Nel nesso causale tra p e q possono essere distinte due componenti: esiste un primo legame tra l’intervento umano e ciò su cui tale intervento
viene esercitato (tra lo sperimentatore e p), e un secondo legame tra quest’ultimo e il suo effetto (ovvero tra p e q).Von Wright sottolinea come il
legame tra nessi causali e azioni umane sia esclusivamente di tipo epistemologico, giacché dal punto di vista ontologico i nessi restano del tutto
indipendenti dai nostri interventi: «ciò che conferisce alle regolarità osservate il carattere di connessioni causali o nomiche è la possibilità di sottoporre i fattori causali a test sperimentali interferendo con il corso naturale degli eventi. Si può dire pertanto che la relazione causale è in un senso
importante dipendente dal concetto di azione (umana). Questa dipendenza è epistemologica, anziché ontologica, poiché ha a che fare con il
modo in cui le relazioni causali vengono individuate e distinte dalle regolarità accidentali» [von Wright 1973, 305]. La possibilità di sfruttare i nessi
causali intervenendo su di loro presuppone l’esistenza di tali nessi e la
nostra conoscenza di come i fenomeni si svilupperebbero se non interferissimo.

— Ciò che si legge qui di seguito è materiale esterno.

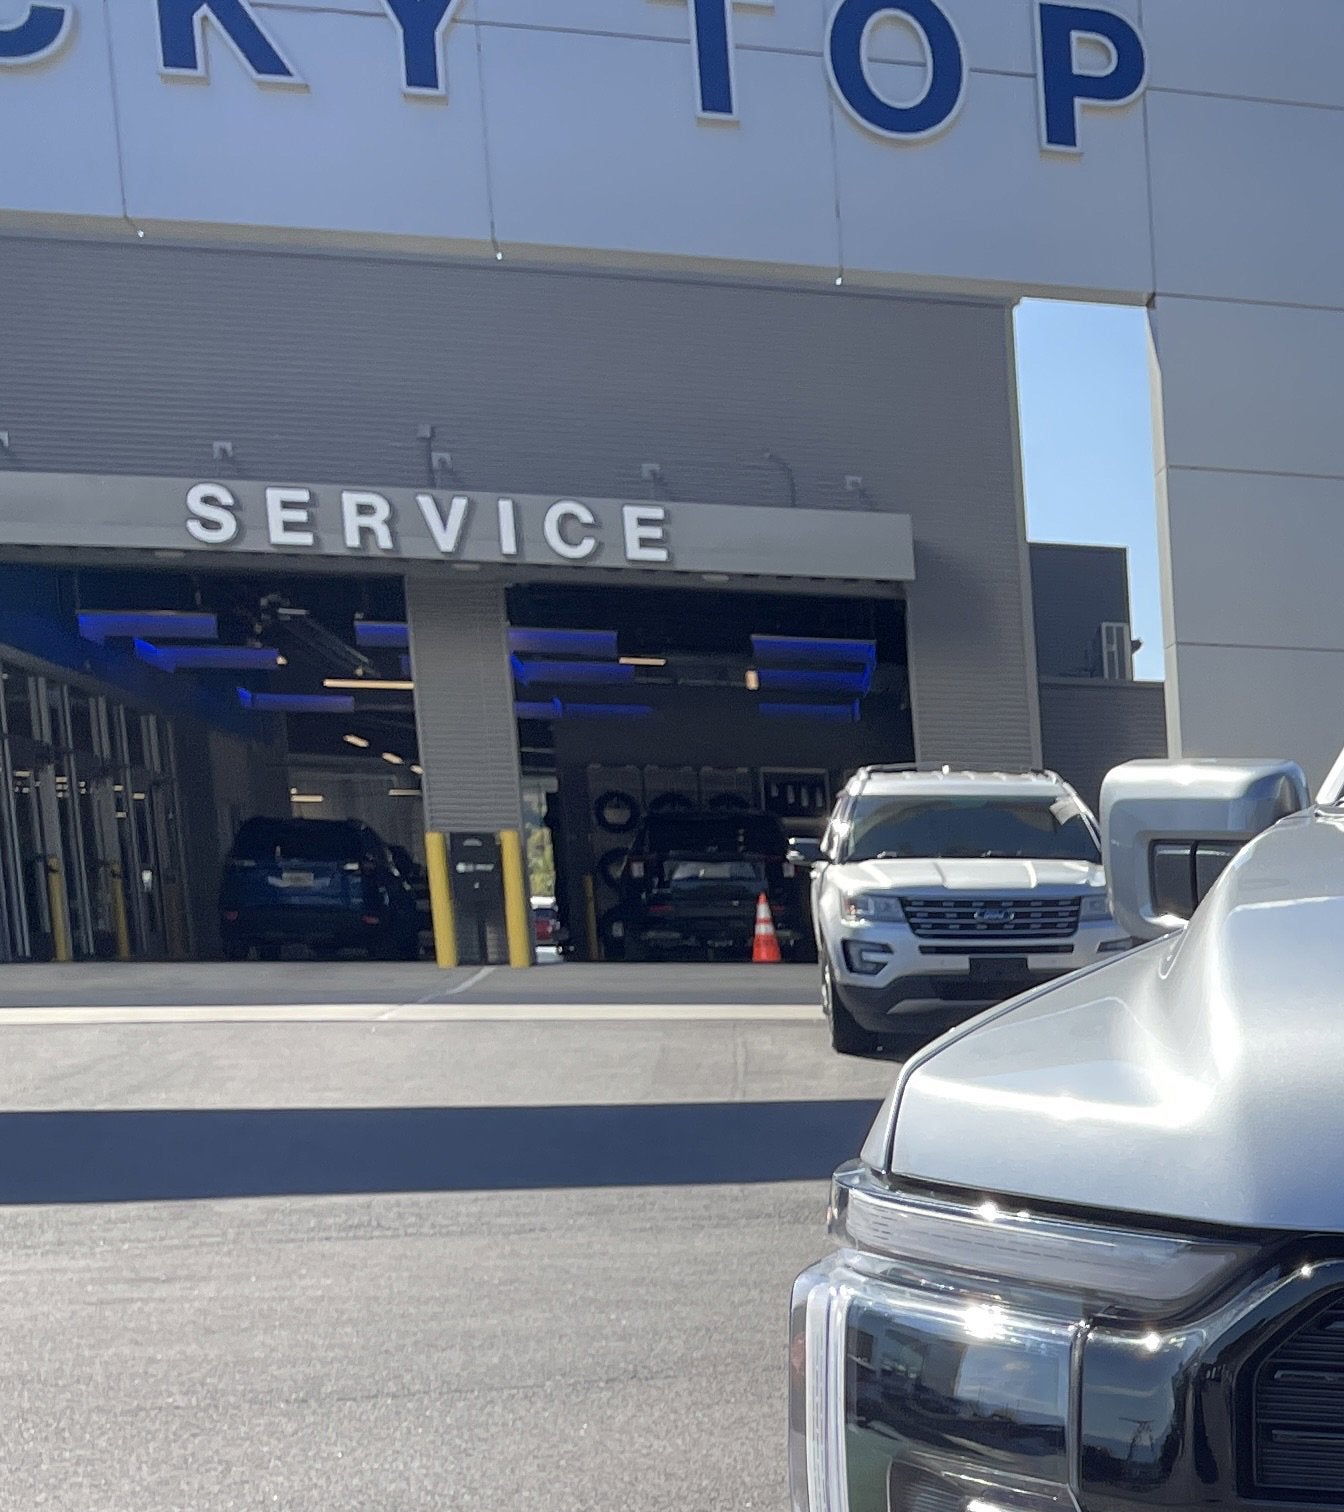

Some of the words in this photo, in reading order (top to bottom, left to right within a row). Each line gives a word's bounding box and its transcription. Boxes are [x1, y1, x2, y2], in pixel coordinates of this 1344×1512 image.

Secondo von Wright, questa nozione di causa manipolativa, o “sperimentale”, viene largamente adoperata nelle scienze naturali, mentre non
compare nelle scienze umane.
Nel corso degli anni Ottanta, in ambito filosofico è stato soprattutto Daniel
Hausman a sottolineare alcuni aspetti di rilievo, nonché alcune difficoltà,
dell’approccio manipolativo. Senza abbracciare questo approccio, Hausman riconosce come esso possa costituire uno dei modi di rendere conto
dell’asimmetria causale. Il fatto che le cause possano essere sfruttate per
manipolare i loro effetti, ma non viceversa, «sembra puntare dritto al cuore
della distinzione tra cause ed effetti», ma non la fonda [Hausman 1986,
150]. Studioso soprattutto di filosofia dell’economia, Hausman ritiene che
l’asimmetria della manipolazione renda conto nella maniera più semplice
e diretta dell’asimmetria che causale, asimmetria che può essere però
colta, tra l’altro, anche nei termini delle asimmetrie esplicativa e temporale [Hausman 1998].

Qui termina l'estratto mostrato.